The proposed approach will also ensure that, when new or expanded coal mining projects are subject to a federal environmental or impact assessment, the assessment will include consideration of the site-specific receiving environment in order to consider the environmental impacts that might be associated with the proposed mine; assuming it adheres to the proposed selenium effluent quality standard.

In addition to relevant federal processes and policy initiatives, I am aware that the Government of Alberta has reinstated its Coal Policy; initiated a moratorium on exploration on Category 2 Lands (which include parts of the Rocky Mountains and foothills), and has established an independent committee to lead a public engagement process to inform the development of a new Coal Policy, the report from which is expected in fall 2021. Additionally, existing provincial land use planning initiatives provide further mechanisms for identifying and considering the effects (including cumulative effects) of coal exploration, development, and other activities in this region.

In summary, I have decided not to proceed with the requested regional assessment of coal developments and exploratory activity in Southwest Alberta, as I am satisfied that existing regulatory frameworks and ongoing planning and policy initiatives will be effective means of addressing the potential effects of these activities.

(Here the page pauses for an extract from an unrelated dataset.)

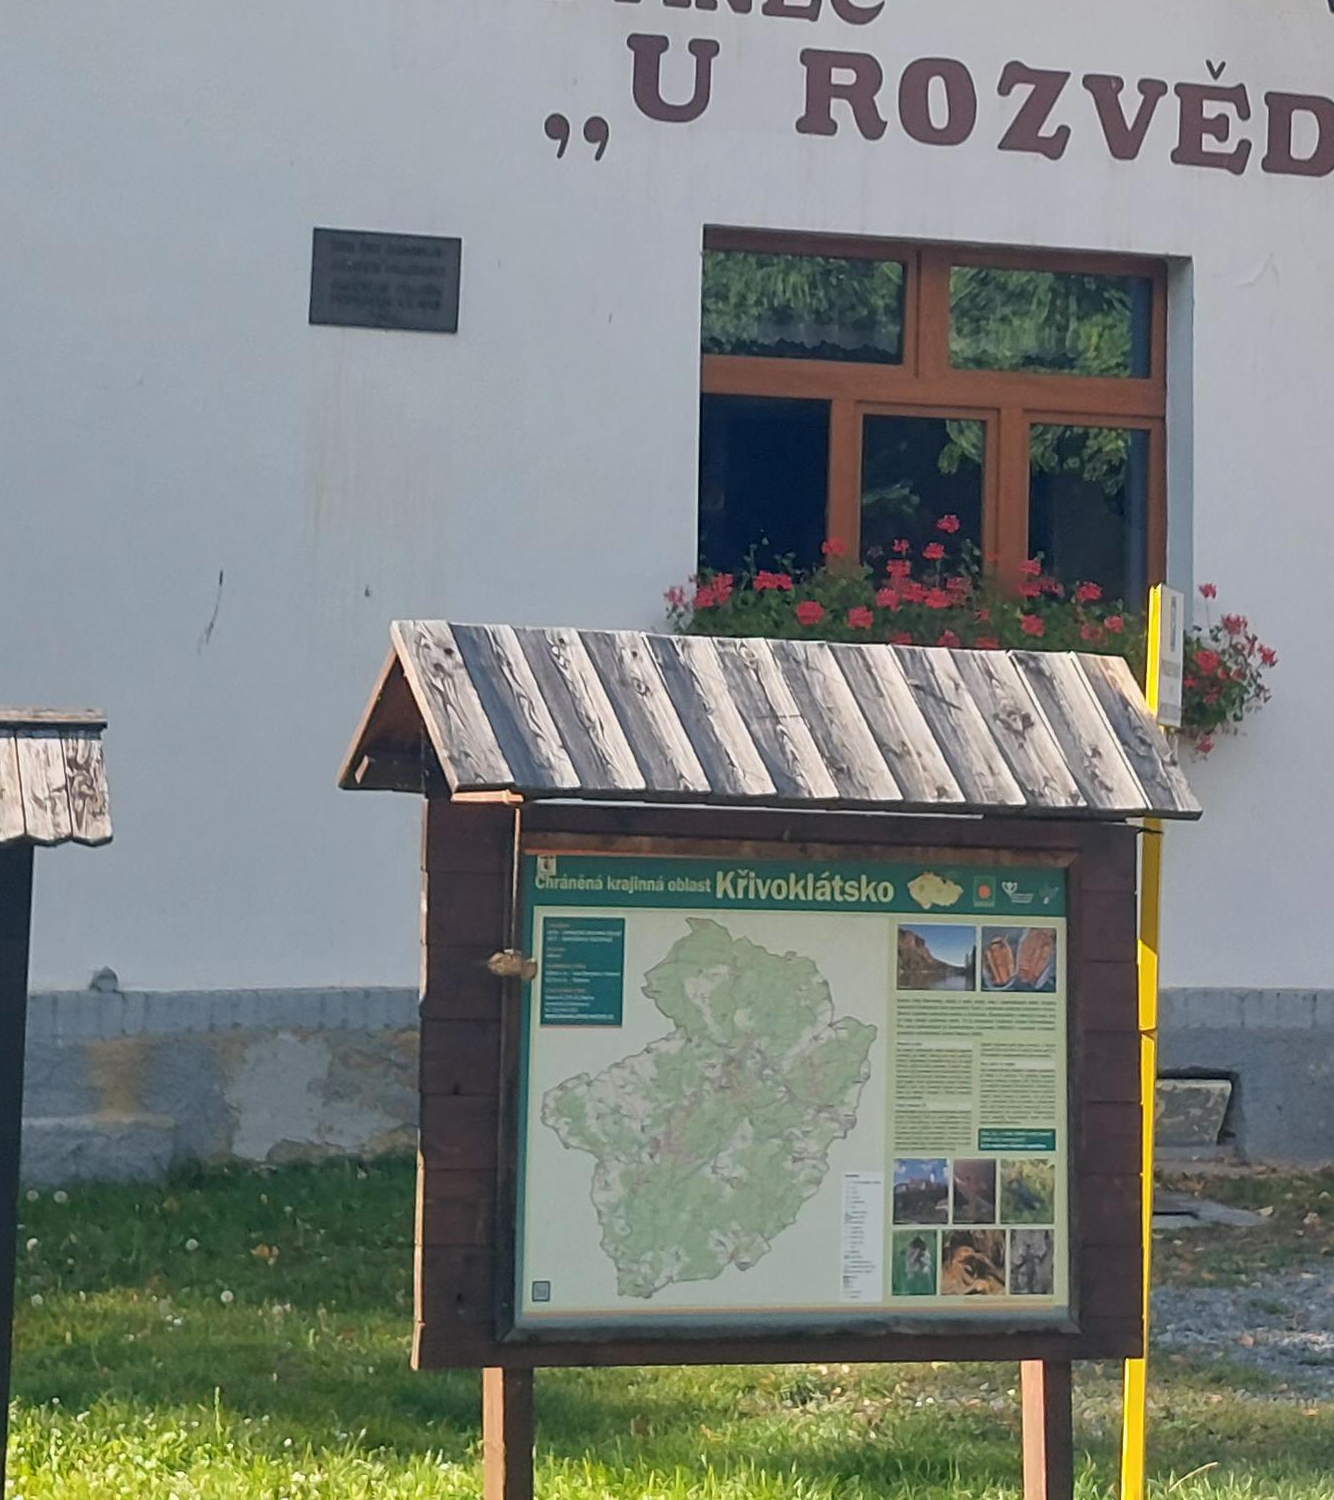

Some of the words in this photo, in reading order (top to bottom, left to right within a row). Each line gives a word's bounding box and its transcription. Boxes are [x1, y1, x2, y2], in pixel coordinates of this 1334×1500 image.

[535, 874, 603, 890] Chráněná
[607, 875, 664, 894] krajinná
[668, 879, 711, 893] oblast
[716, 868, 895, 903] Křivoklátsko

As outlined above, these include the Government of Canada's new policy announcement on thermal coal, commitments through the Pan Canadian Framework on Clean Growth and Climate Change and the Powering Past Coal Alliance, designating coal projects to enter the IAA if selenium is a concern, the development of Coal Mining Effluent Regulations, and initiatives by the Government of Alberta. I am therefore of the view that existing and planned initiatives can adequately address the issues raised in your request, and that such a regional assessment would, therefore, have limited ability to further inform future federal impact assessment decisions.

Thank you again for taking the time to prepare and submit this regional assessment request through the aforementioned Parliamentary Petition, and in advance for your participation in and input to the ongoing regulatory, planning, and policy initiatives referenced above.

Sincerely,

<Original signed by>

The Honourable Jonathan Wilkinson, P.C., M.P.